Then, this attitude quickly disappears as the runway gets shorter.

Soon, things get serious and it’s time your HR brings on board an analyst to understand where those dollars went and which of those random traction channels brought growth.

And if what starts as a simple analysis turns into a decision to restructure your entire startup, the marketing team is likely to be the first to get kicked out the door, so those not-yet-fired can make the product work with the rest of the cash left in the bank account.

But why hire and fire fast or focus on growth too soon, before understanding whether your product was working in the first place?

It turns out this often-overlooked dilemma is more complicated than it seems.

Product vs. Growth

It’s obvious: The first step to building a great company starts with making something worth talking about.

But what is not so obvious is at what stage of building your startup do you understand whether what you’ve made is something worth talking about?

When you’re still small, it’s easy to fool yourself (and investors) and bring month-over-month growth by spending money on inorganic growth channels such as ads, marketing, or getting featured on TechCrunch.

But as you grow bigger, it gets increasingly difficult to sustain such growth rate by buying your way through if the word about your product isn’t spreading organically.

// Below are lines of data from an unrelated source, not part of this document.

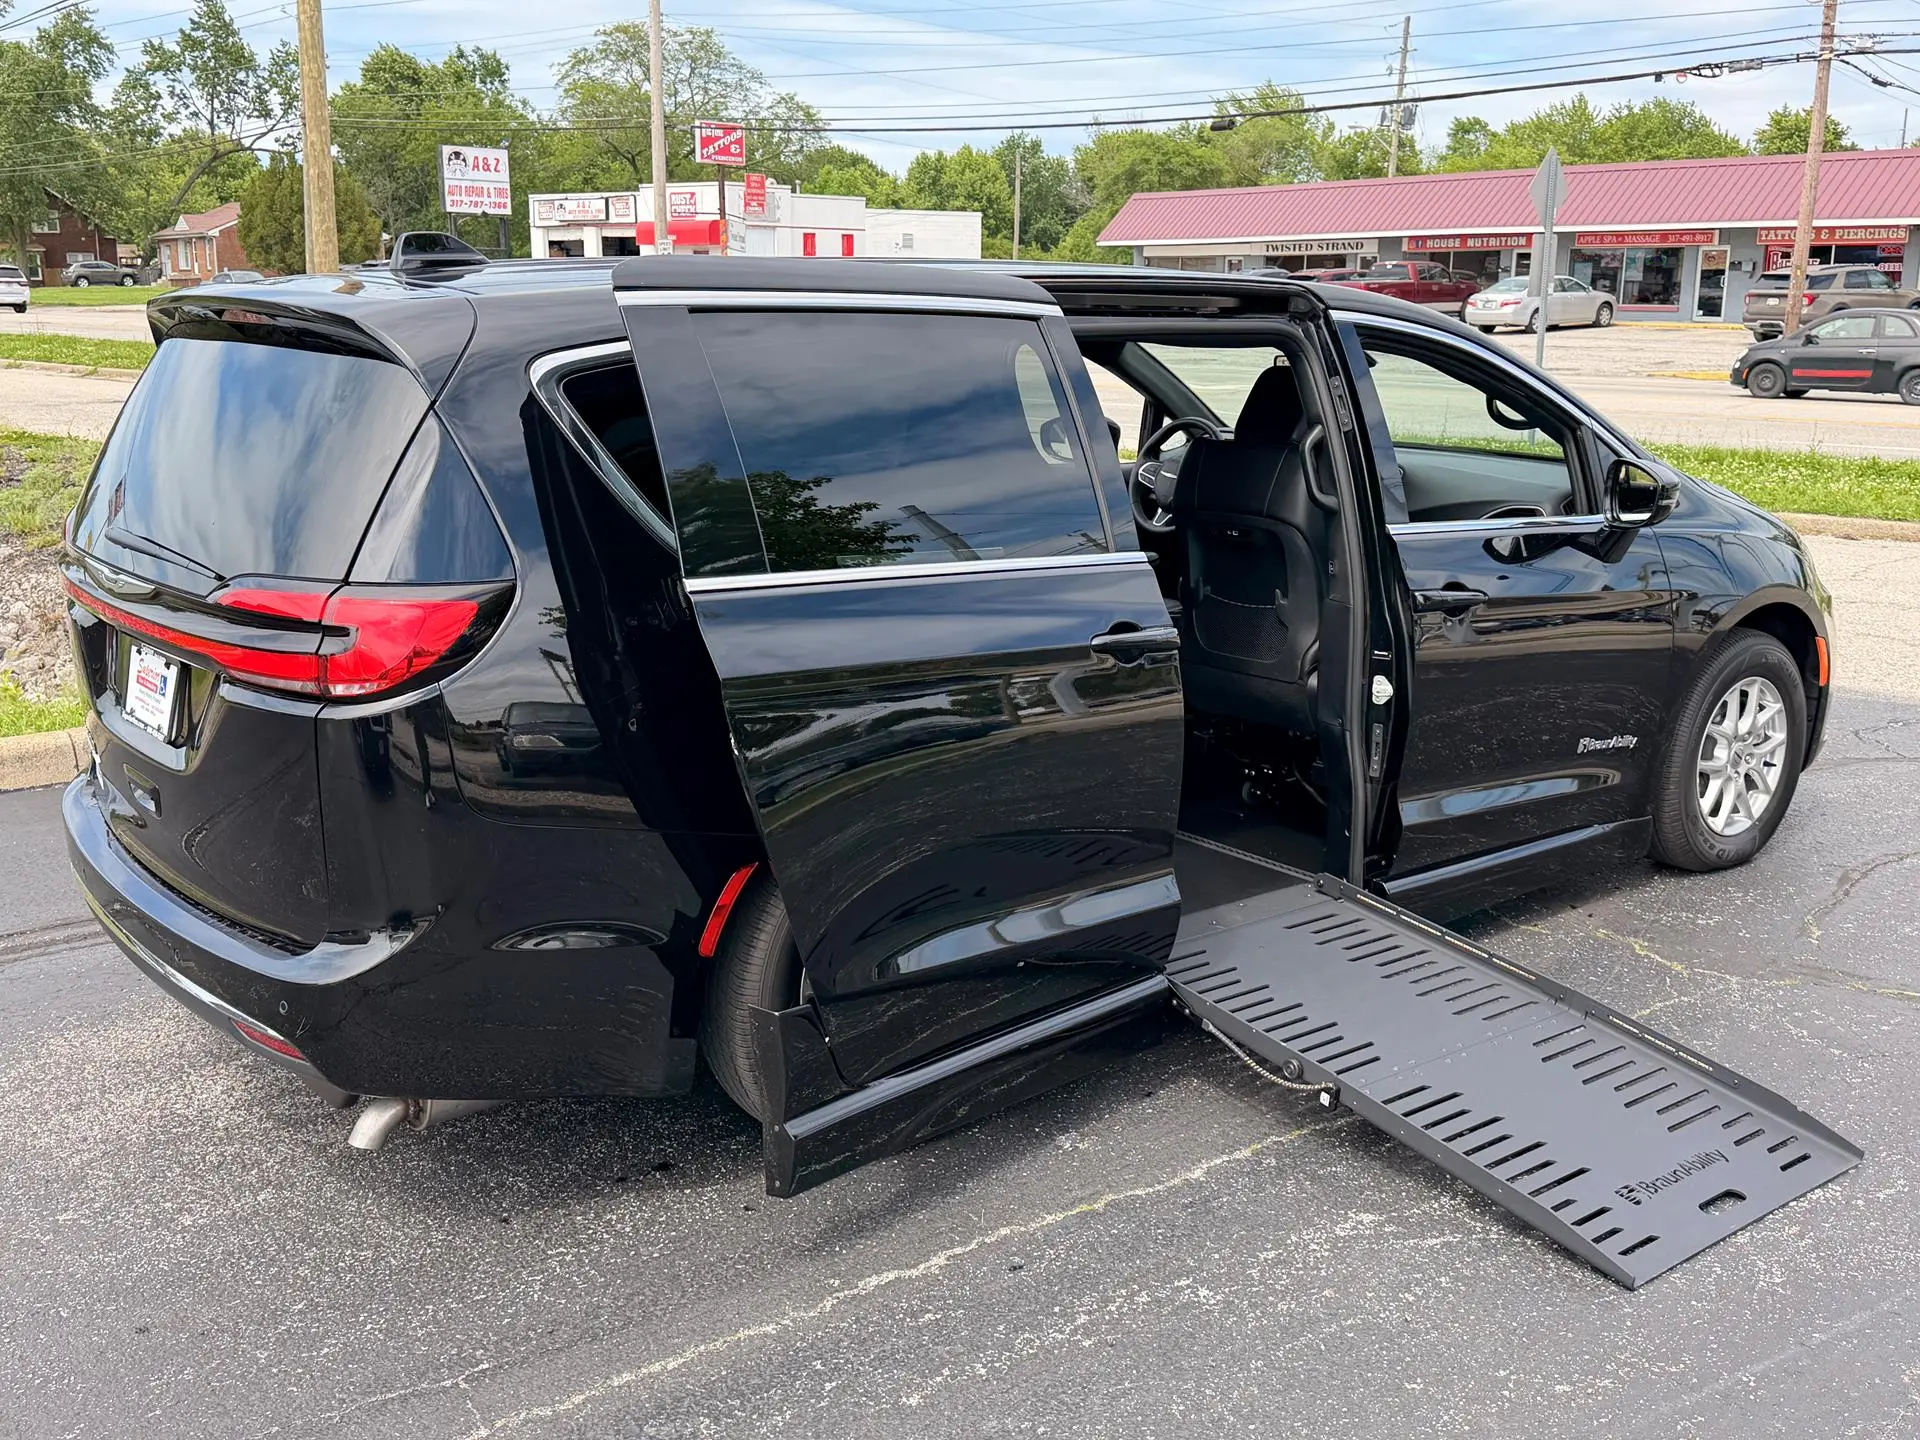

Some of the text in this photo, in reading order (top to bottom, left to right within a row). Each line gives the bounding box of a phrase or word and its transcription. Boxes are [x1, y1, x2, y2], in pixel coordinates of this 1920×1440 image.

[702, 129, 742, 158] TATTOOS
[472, 156, 500, 172] A & Z
[448, 185, 508, 199] AUTO REPAIR & TIRES
[449, 200, 508, 209] 317-787-1366
[1579, 236, 1601, 244] APPLE
[1603, 235, 1617, 243] SPA
[1623, 234, 1660, 242] MASSAGE
[1821, 229, 1829, 238] &
[1834, 227, 1906, 240] PIERCINGS
[1265, 241, 1364, 252] TWISTED STRAND
[1427, 237, 1526, 248] HOUSE NUTRITION
[1635, 1149, 1730, 1200] BraunAbility
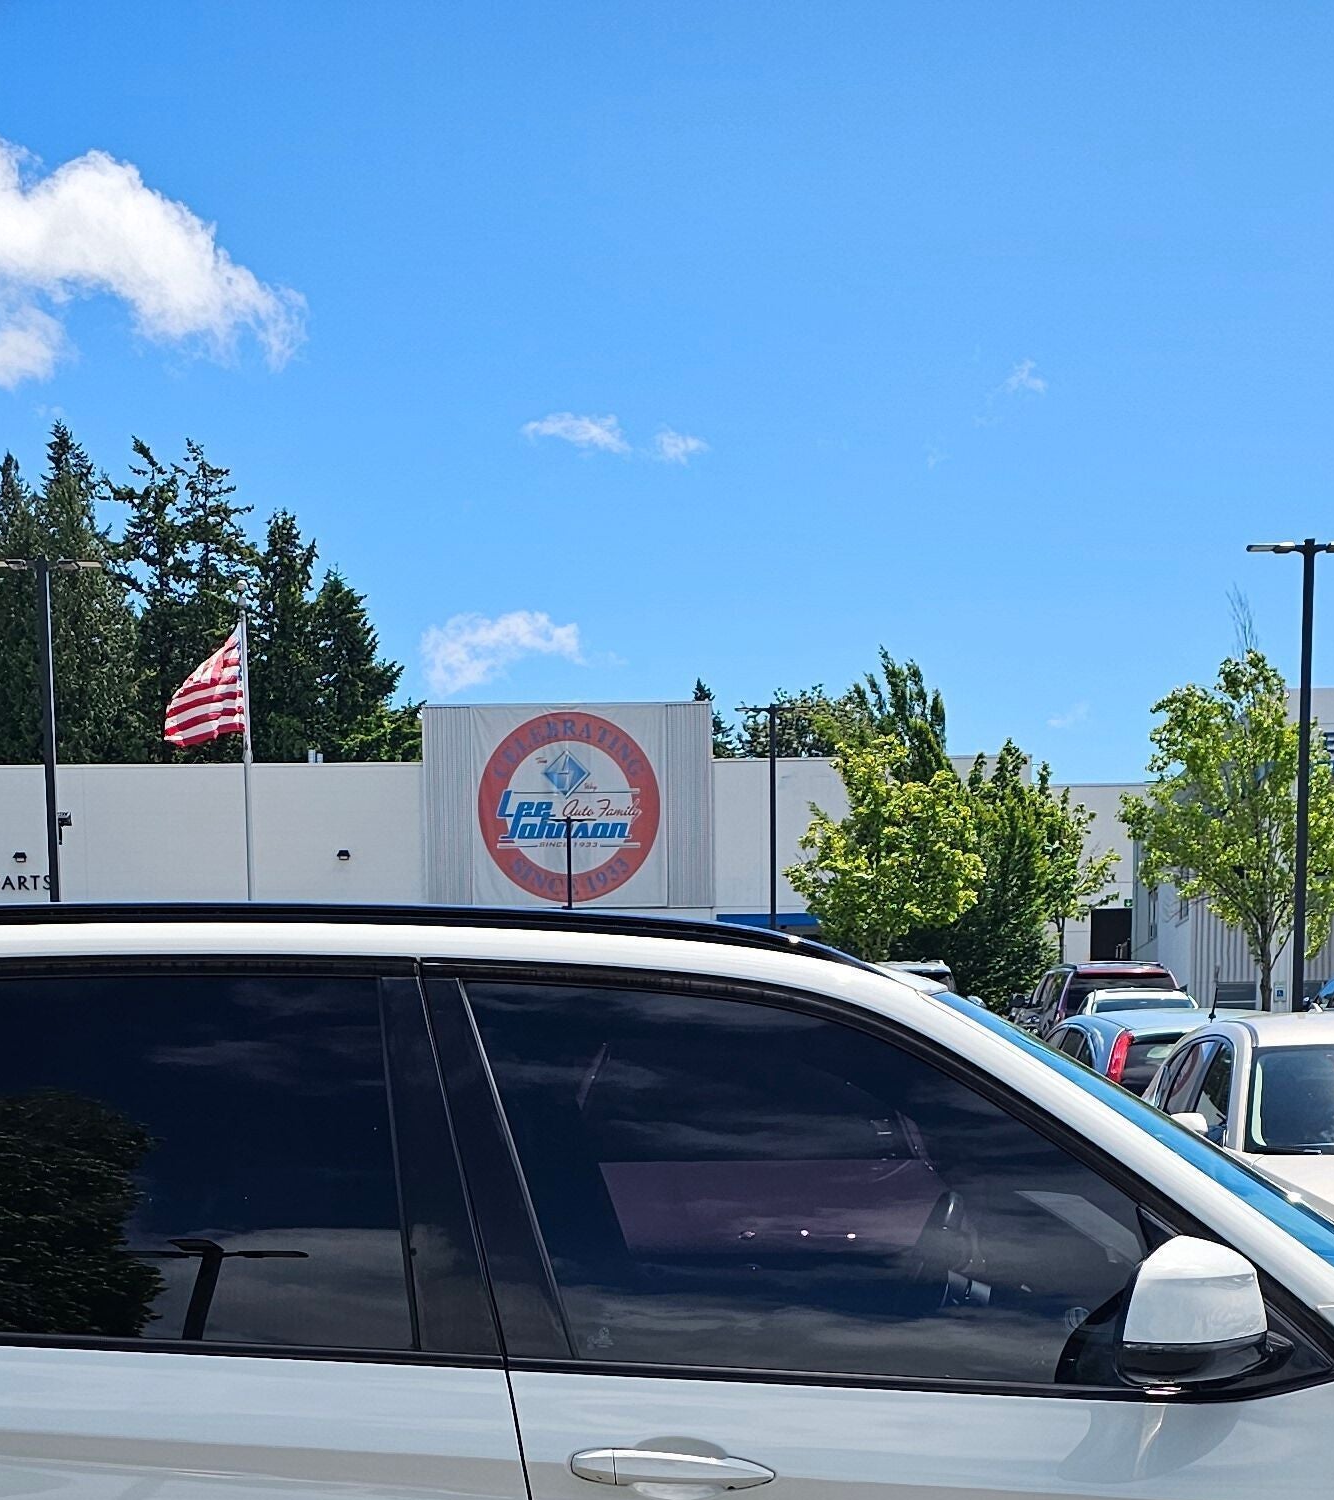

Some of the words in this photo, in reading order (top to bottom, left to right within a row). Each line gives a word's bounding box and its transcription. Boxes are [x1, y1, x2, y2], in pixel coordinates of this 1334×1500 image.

[493, 719, 645, 779] CELEBRATING
[498, 789, 556, 818] Lee
[561, 798, 595, 818] Auto
[596, 798, 642, 820] Family
[500, 814, 632, 840] Johnson
[538, 841, 567, 849] SINC
[573, 841, 599, 849] 1933
[586, 857, 629, 893] 1933

At this stage, you might take different routes, among which also lie these two options:

  • Step back to understand what exactly isn’t working with your product and iterate/pivot or have the guts to start over if necessary.
  • To sustain the same growth rate, set more aggressive targets for marketing and sales teams.

“… if your product isn’t quite working, but you have to hit these really aggressive targets, you end up forcing it… even if you hit the numbers, they won’t be real. You spent a lot of money to get there. And what is the point in acquiring all those users, if they leave once they see the product?”

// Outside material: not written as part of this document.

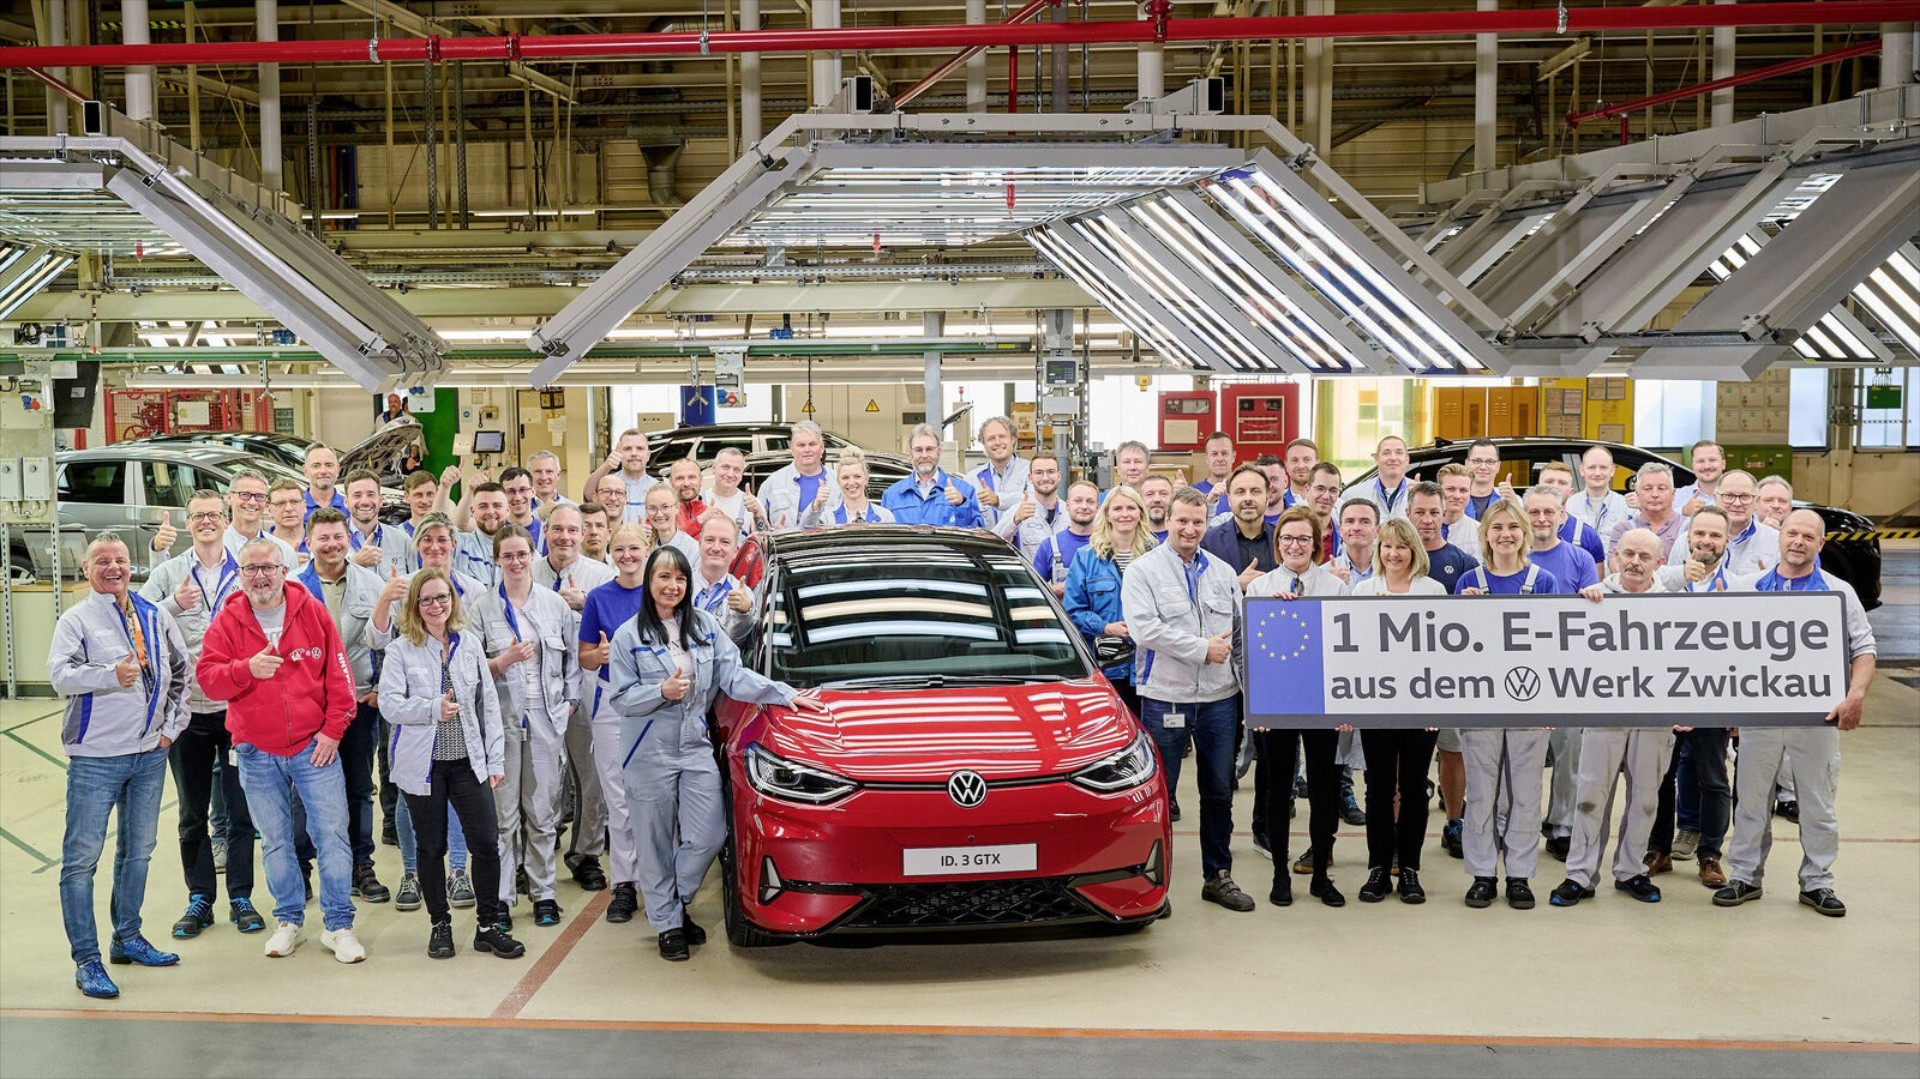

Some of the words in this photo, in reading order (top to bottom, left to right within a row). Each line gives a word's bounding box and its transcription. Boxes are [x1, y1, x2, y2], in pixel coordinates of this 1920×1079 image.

That’s Andrew Chen, part of the growth team at Uber, once again, repeating that, without a great product, there is no growth.

And he isn’t alone, either. According to Bill Macaitis, the legendary CMO of hyper-growth startup Slack, when measured solely on aggressive short-term metrics, the sales and marketing teams then have an incentive “to do bad things to people — to put them in those prison landing pages and start calling them before they’re ready.”

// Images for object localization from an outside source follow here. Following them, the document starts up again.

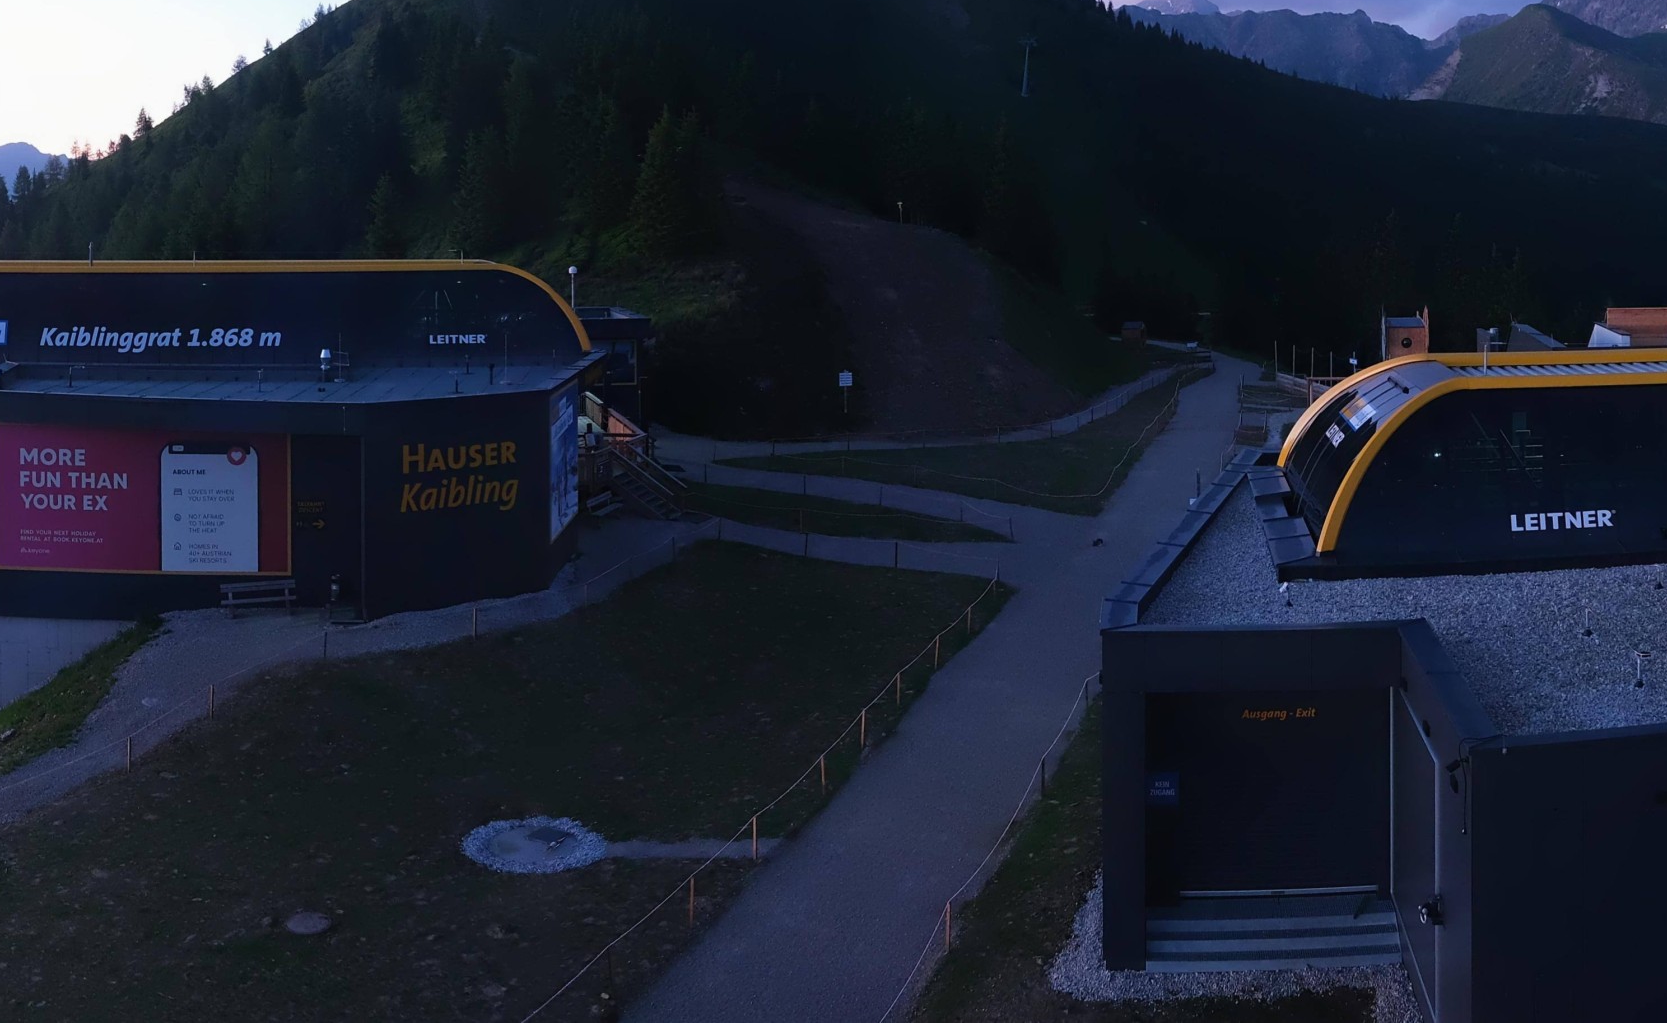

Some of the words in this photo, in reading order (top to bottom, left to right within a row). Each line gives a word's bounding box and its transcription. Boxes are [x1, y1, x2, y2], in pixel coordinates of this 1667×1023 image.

[39, 326, 182, 353] Kaiblinggrat
[186, 327, 255, 347] 1.868
[258, 330, 282, 347] m
[429, 333, 487, 345] LEITNER
[19, 447, 86, 466] MORE
[402, 440, 517, 474] HAUSER
[19, 470, 61, 488] FUN
[67, 472, 128, 489] THAN
[20, 493, 77, 511] YOUR
[83, 494, 109, 511] EX
[400, 474, 520, 514] Kaibling
[1510, 509, 1615, 532] LEITNER
[1241, 708, 1288, 721] Ausgang
[1295, 707, 1317, 719] Exit
[1149, 788, 1176, 796] ZUGANG
[1155, 780, 1170, 788] KEIN

This is especially important for seed-stage startups thinking about how best to position themselves for their series A, as they get confused about whether to focus on traction or on product.

According to renowned investor, Rob Go, when startups focus exclusively on a growth solves (nearly) all problems strategy, things get sacrificed in favor of growth. “You might do unscalable, hacky things to get customers. You might do tons of stuff manually to fulfil the promise of your service instead of taking more time and using more resources to build software. You will probably make decisions to sacrifice margin for growth,” he adds.

startup founder dilemma

But wait, this isn’t a zero-sum game

This isn’t either growth or product.

You still need growth or some traction, at the very least, to find the few early customers who will use your product and help you understand what they want.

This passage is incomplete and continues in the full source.